We always knew we wanted to travel and, while the group aspect wasn’t really our thing, it was nice for the first trans-Atlantic trip. We made friends with the others and were quickly pegged as the young, energetic members of the group. The guide didn’t mind when we begged off group excursions to explore on our own, she knew we’d find our way back. I remember in Windsor we were wandering around the stables behind the castle and came across an elderly woman from our group who was completely lost and terrified. She had become separated from her companion and had been walking aimlessly for quite a while.

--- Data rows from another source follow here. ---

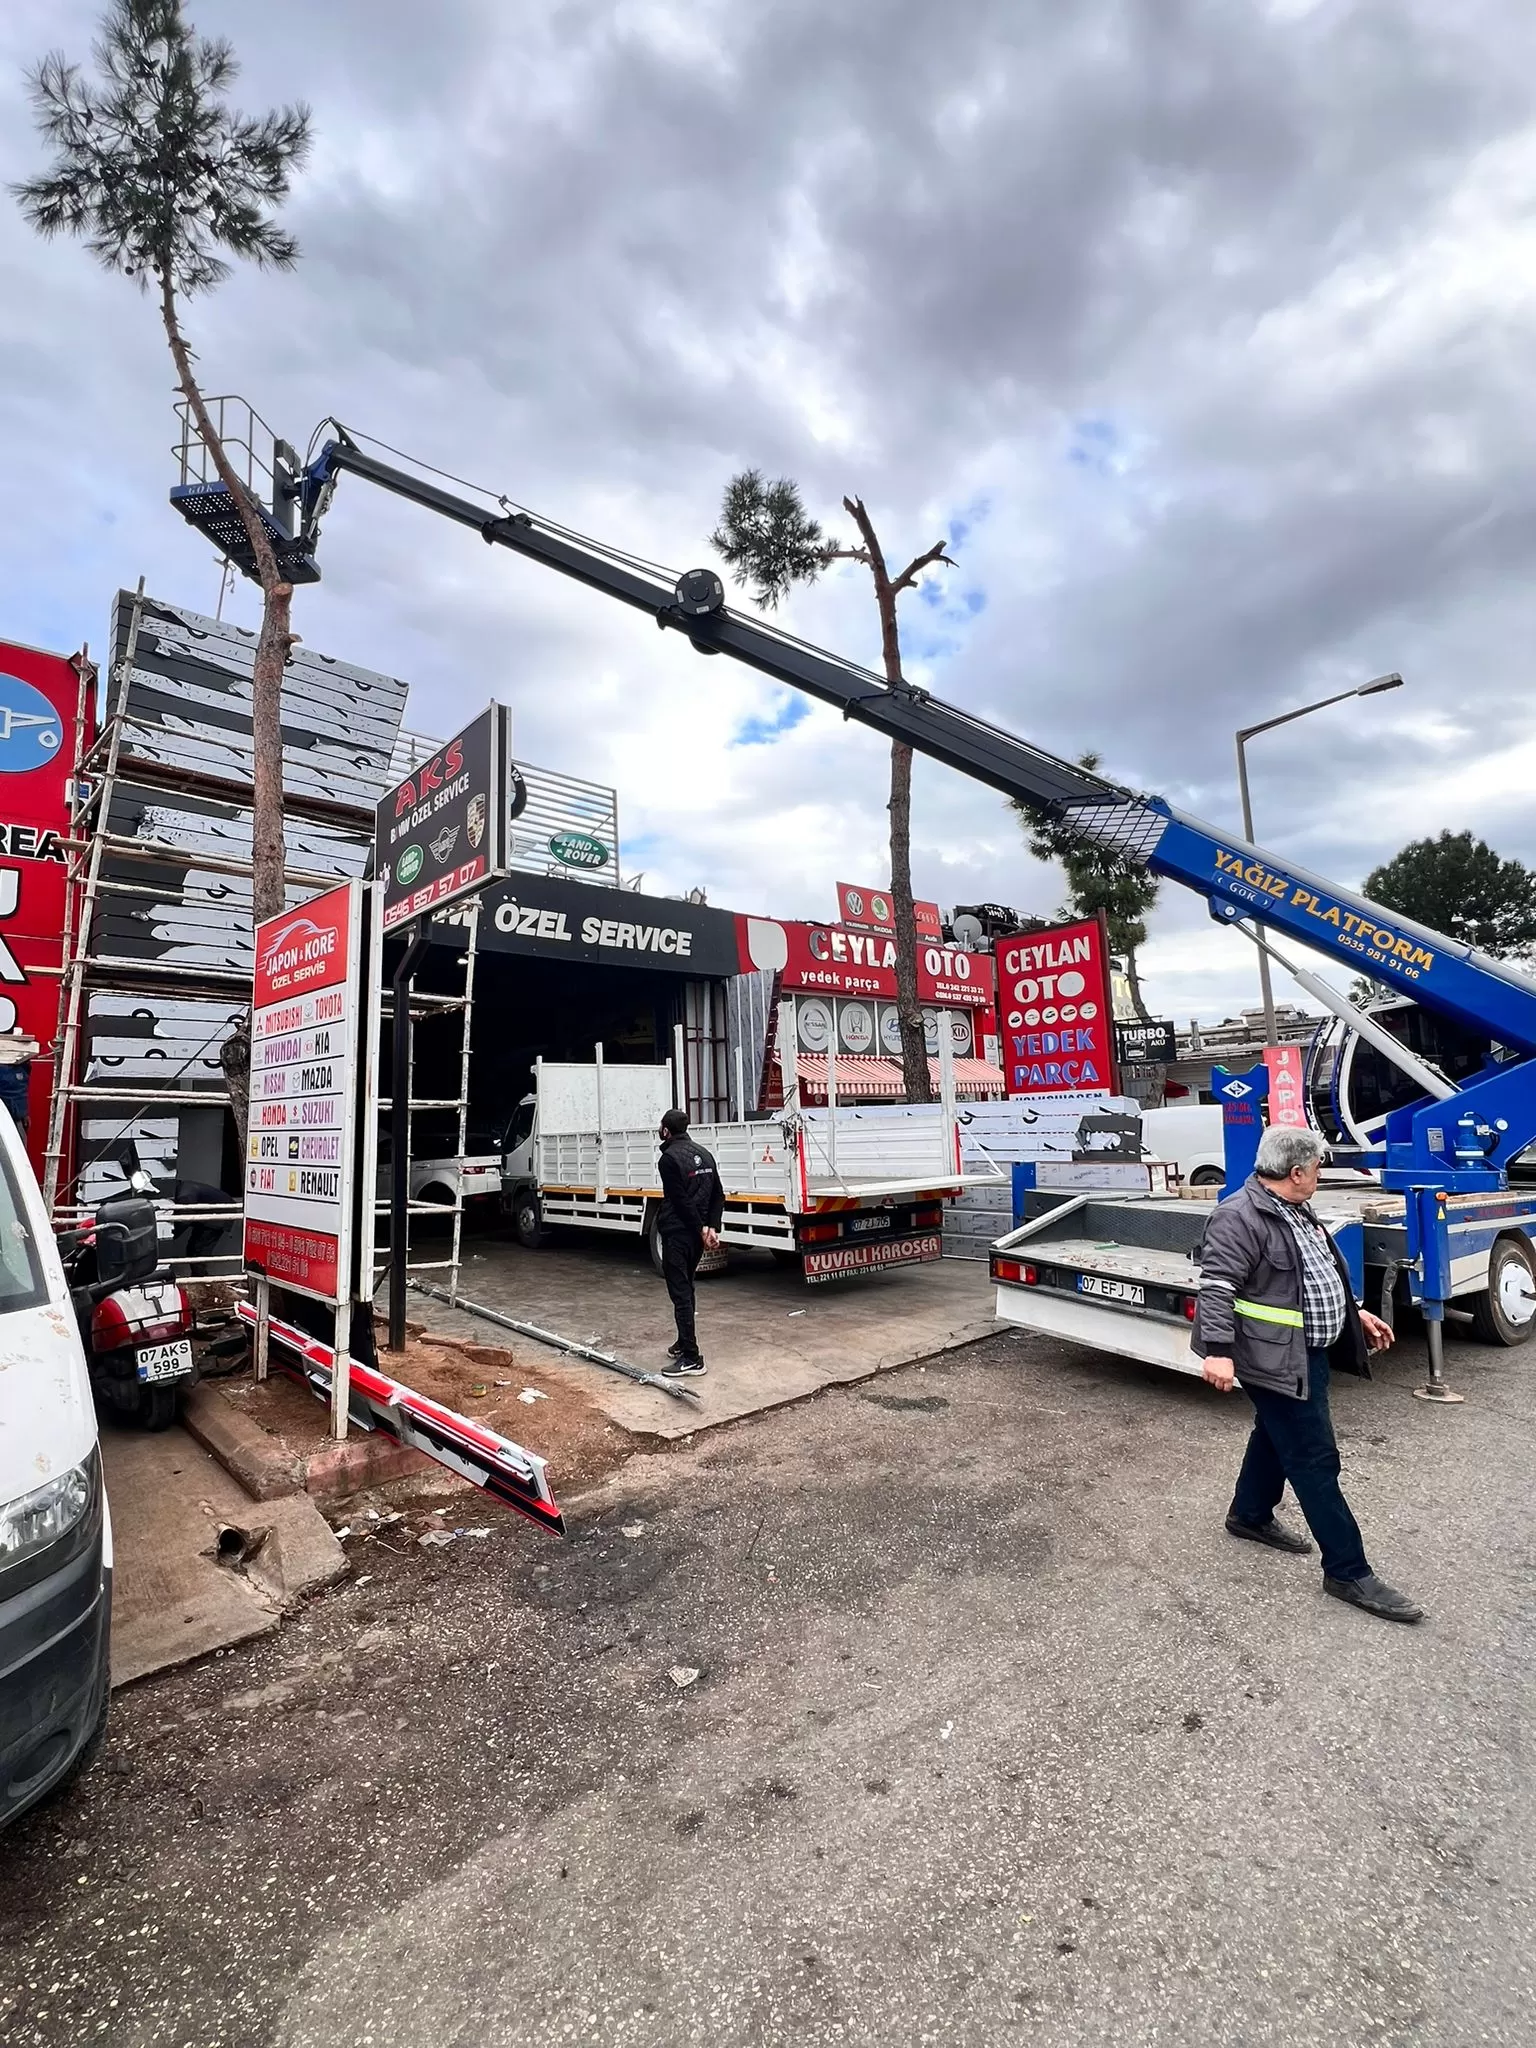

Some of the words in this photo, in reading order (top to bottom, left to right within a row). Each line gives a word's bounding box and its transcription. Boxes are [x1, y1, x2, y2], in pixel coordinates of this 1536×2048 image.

[395, 738, 464, 817] AKS
[411, 806, 433, 828] ÖZEL
[434, 772, 470, 812] SERVICE
[561, 837, 593, 851] LAND
[563, 848, 602, 864] ROVER
[439, 872, 455, 896] 57
[460, 860, 477, 884] 07
[1214, 848, 1290, 899] YAĞIZ
[1290, 888, 1435, 971] PLATFORM
[494, 894, 573, 942] ÖZEL
[581, 916, 693, 957] SERVICE
[266, 948, 298, 977] JAPON
[305, 932, 335, 962] KORE
[809, 931, 897, 971] CEYLA
[924, 948, 971, 980] OTO
[1005, 935, 1091, 975] CEYLAN
[1337, 933, 1365, 952] 0535
[1365, 945, 1387, 964] 981
[1388, 958, 1403, 972] 91
[1404, 966, 1420, 980] 06
[271, 973, 293, 991] ÖZEL
[800, 969, 840, 988] yedek
[845, 973, 880, 991] parça
[265, 1005, 302, 1034] MITSUBISHI
[315, 992, 343, 1021] TOYOTA
[264, 1037, 302, 1064] HYUNDAI
[315, 1031, 330, 1055] KIA
[952, 1027, 967, 1038] KIA
[1012, 1027, 1096, 1057] YEDEK
[1122, 1027, 1165, 1042] TURBO
[263, 1071, 286, 1095] NISSAN
[301, 1065, 333, 1092] MAZDA
[1014, 1060, 1099, 1092] PARÇA
[261, 1104, 287, 1125] HONDA
[302, 1100, 334, 1125] SUZUKI
[261, 1136, 279, 1157] OPEL
[301, 1136, 339, 1160] CHEVROLET
[260, 1168, 276, 1190] FIAT
[300, 1171, 339, 1198] RENAULT
[810, 1248, 868, 1271] YUVALI
[871, 1237, 938, 1261] KAROSER
[1082, 1275, 1096, 1290] 07
[1101, 1280, 1125, 1297] EFJ
[1131, 1287, 1144, 1301] 71
[140, 1349, 156, 1363] 07
[161, 1342, 188, 1359] AKS

There were a lot of firsts on that trip–first castle, first time to order a pint in a pub, first time to have broiled tomatoes for breakfast. First time to witness “ugly American” behavior. (I really wanted to spell that behaviour, but that would just make me a poser.) We were walking up to St. Andrews–the place where golf was birthed more than 600 years ago. There was a rope strung between the lane we were on and the golf course. Thirty seconds after we were told not to cross the rope, one of our group did…running across the fairway to get a better photo of the clubhouse. I’m sure he thought that they meant everybody BUT him. He was a nice enough guy, but our opinion of him wasn’t the same after that.

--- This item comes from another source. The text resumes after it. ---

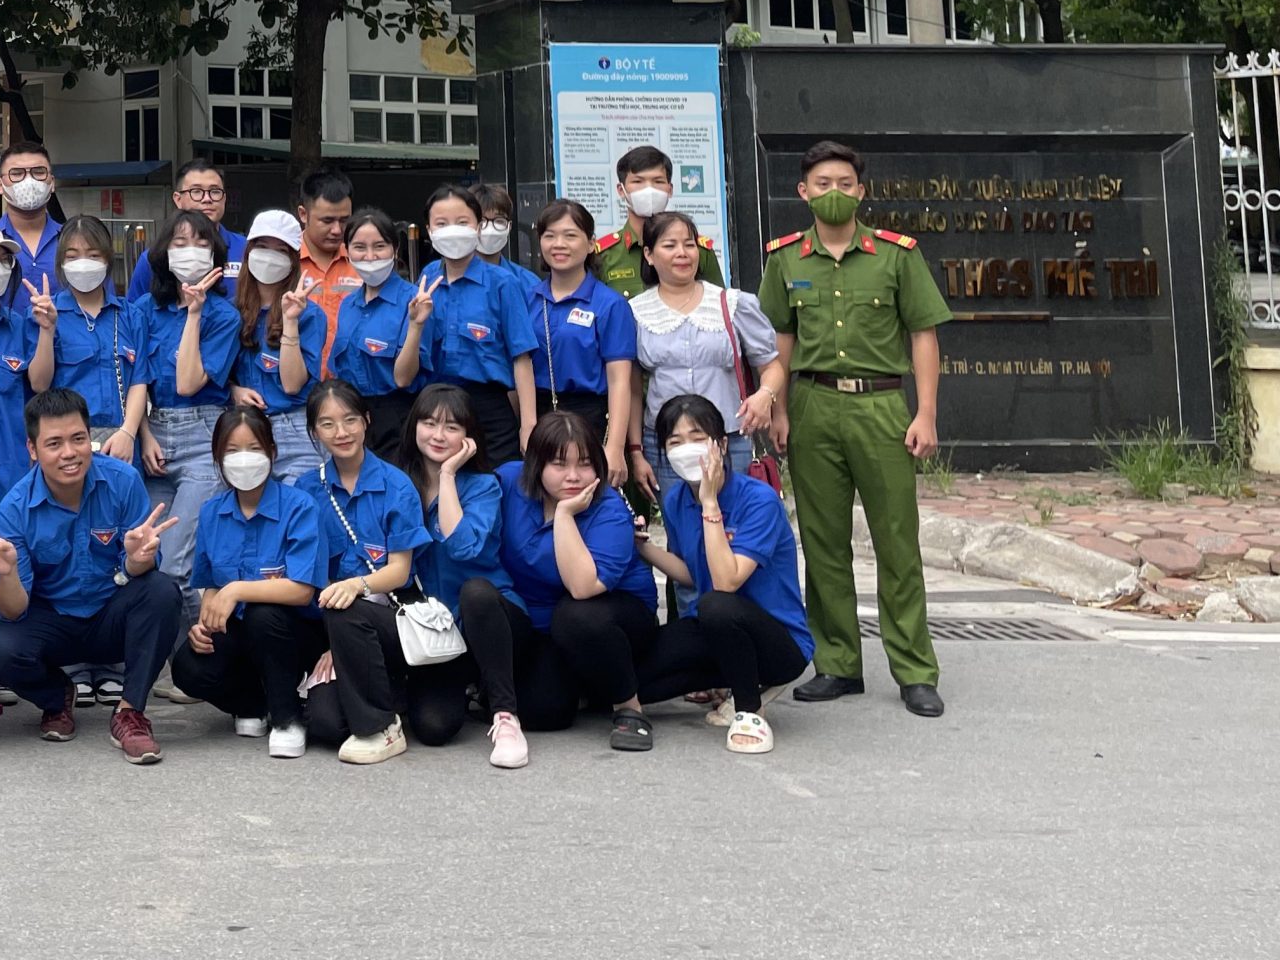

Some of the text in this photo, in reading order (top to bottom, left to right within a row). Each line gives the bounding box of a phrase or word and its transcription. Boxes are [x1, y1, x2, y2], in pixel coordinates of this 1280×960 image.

Anyhow, that trip whetted our appetite for more, and two years later we went back to England with another group. It was a fun trip too, but we we were ready to start traveling on our own agendas.
Fast forward 13 years. We’ve got lots of international travel under our belts and have gotten good enough at it that people seek our advice and counsel. Nevertheless, when a local group put together a trip to Italy, we signed up. There were a lot of friends and family going and Italy was a place I’d never been. After consulting the schedule and the map, we decided to tack on a few days of our own at the end.
We started in Rome and then headed north, stopping in Florence, Sienna, Venice, Assisi and other places I’ve forgotten before ending up at Lake Como. In between, we saw some amazing sites and, I’m sorry to say, a few more examples of ugly American behavior. We spent way too much time on our big bus, going through the Italian countryside on interstate highways without any chance of taking a back road or a wrong turn just because you felt like it. You’d see a little village in the distance, maybe surrounded by grape vines with an ancient steeple rising above the other buildings. But you’d never say, “hey, bus driver–can we just go over there for a half hour or so, just for one glass of wine?’
We had a schedule and it must be kept.
But on the last morning as everyone else was packed up and ready to go home, the bus did make one slight detour and dropped us off at the train station. We said our goodbyes, grabbed our luggage and charged up the steps–ready at last for our own adventure on our own time.
Three hours later, here we were:
High in the Alps. I know that most of the people on the bus were ready to go home. But more than one has said that they were just a little jealous of us heading up those steps to the train station by ourselves.
p.s. This post was inspired by Rassles.